The Canoe Creek Co-op Store remains open and efforts are being made to keep items in stock.
Social distancing measures are being implemented in the store to protect the staff, he said, adding only residents will be able to shop in the store.
The store also provides the only fuel source for the communities and non-residents will not be permitted to purchase gasoline.
“Our store is an essential service in terms of food and fuel and when people come out this far — it’s 85 kilometres from Williams Lake and if they are heading over to Canoe Creek they are probably going to need gas. We are warning that if they get out this far they won’t have access to the fuel station.”
Harry said leadership is encouraging residents to self-isolate for 14 days if they have travelled, and at this point, all band members are being advised to self-isolate, whether they have travelled or not, especially the elders.

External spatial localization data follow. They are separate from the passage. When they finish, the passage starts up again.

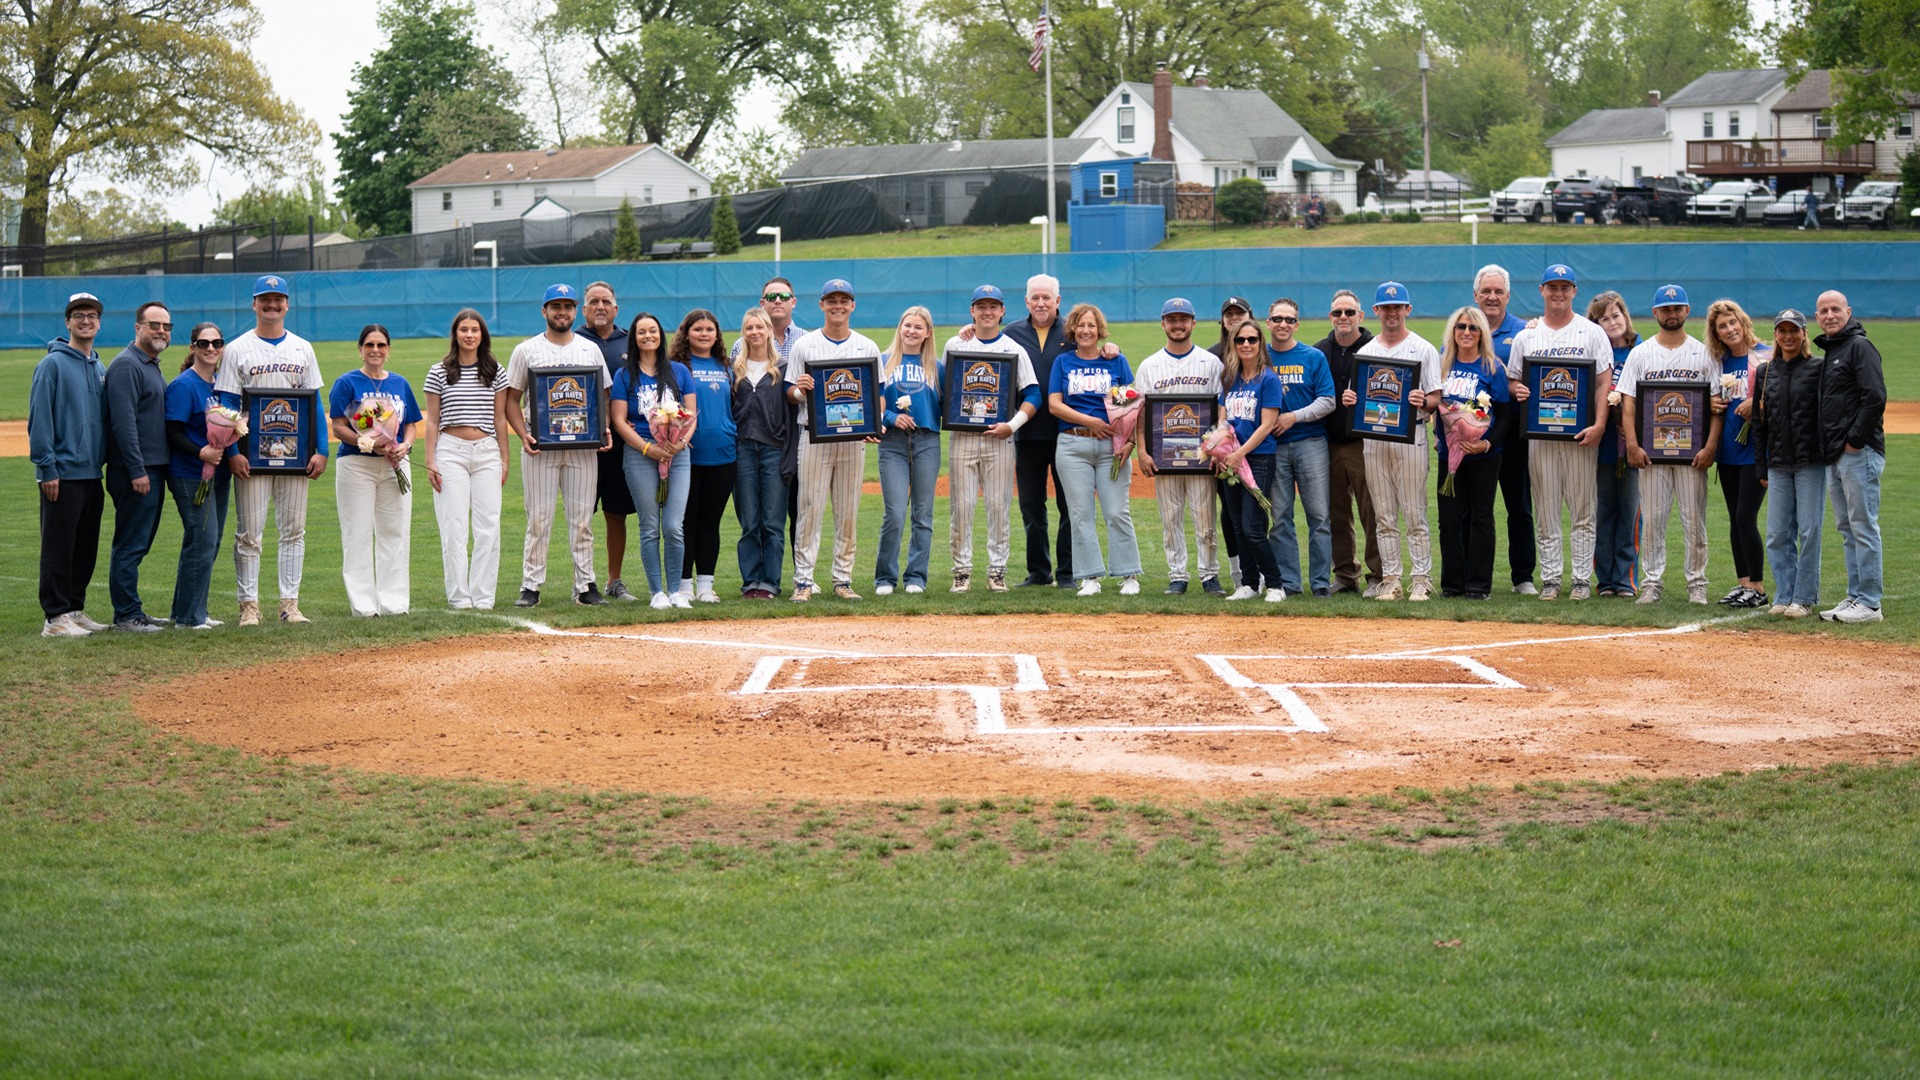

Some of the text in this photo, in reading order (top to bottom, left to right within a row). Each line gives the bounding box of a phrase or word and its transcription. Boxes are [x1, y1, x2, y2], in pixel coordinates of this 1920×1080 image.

[1530, 346, 1585, 357] CHARGERS
[250, 363, 305, 376] CHARGERS
[1070, 367, 1109, 376] SENIOR
[1280, 364, 1304, 375] HAVEN
[1447, 370, 1479, 379] ENIOR
[1645, 369, 1699, 380] CHARGERS
[884, 364, 904, 390] EW
[967, 375, 996, 386] NEW HAVEN
[1278, 374, 1304, 384] EBALL
[828, 382, 858, 394] NEW HAVEN
[1068, 373, 1112, 395] MOM
[1154, 376, 1210, 390] CHARGERS
[1370, 381, 1399, 394] NEW HAVEN
[1543, 381, 1574, 392] NEW HAVEN
[552, 391, 583, 402] NEW HAVEN
[1226, 390, 1256, 398] SENIOR
[1225, 397, 1258, 421] MOM
[1658, 406, 1689, 417] NEW HAVEN
[264, 414, 295, 425] NEW HAVEN
[1166, 418, 1196, 428] NEW HAVEN

“That’s easier said than done, but with each day that goes by this gets more and more serious,” Harry said. “These are trying times for us. This is something we’ve never faced. We’ve faced fires and floods, due to climate change, but something like this, as most people know, is such a challenging situation.”

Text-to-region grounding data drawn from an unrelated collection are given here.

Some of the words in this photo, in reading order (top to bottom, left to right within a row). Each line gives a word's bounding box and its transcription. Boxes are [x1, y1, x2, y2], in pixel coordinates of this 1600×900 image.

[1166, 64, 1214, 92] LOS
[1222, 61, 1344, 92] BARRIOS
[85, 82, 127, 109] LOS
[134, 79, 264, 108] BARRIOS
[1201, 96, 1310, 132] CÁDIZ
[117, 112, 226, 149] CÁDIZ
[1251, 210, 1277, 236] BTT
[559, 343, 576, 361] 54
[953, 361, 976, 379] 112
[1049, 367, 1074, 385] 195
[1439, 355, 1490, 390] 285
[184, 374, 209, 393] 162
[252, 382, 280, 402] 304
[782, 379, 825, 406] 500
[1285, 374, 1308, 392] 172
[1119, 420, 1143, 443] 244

Harry said they have been in contact with local ranchers or residents who may need to pass through the communities en route to home or town to let them know about the measures they are implementing.
So far everyone has been understanding as far as he knows, he added.
“They will be able to drive through to go home but no one can get out of their vehicles. Everybody is supposed to be self-isolating, yet we did see a lot of traffic on the weekend. We are doing our best to control traffic through our communities. We don’t want to become exposed by someone travelling through from the Lower Mainland or somewhere like that.”
Williams Lake Indian Band
Last week on March 19, Williams Lake Indian Band Chief Willie Sellars gave his community a video update, adding all communications will be online as all group meetings have been cancelled.
Tsilhqot’in National Government
The Tsilhqot’in National Government confirmed Monday it has not declared a state of emergency as of yet but has activated its Emergency Operations Centre has been sharing information and recommendations by public health authorities with communities.
Previously, however, Tl’etinqox Chief Joe Alphonse urged band members to err on the side of caution’ amid the pandemic and said he planned to self-isolate.
A local state of emergency has been declared by the Nuxalk Nation requesting a shutdown of all non-essential travel in and out of the community for 14 days.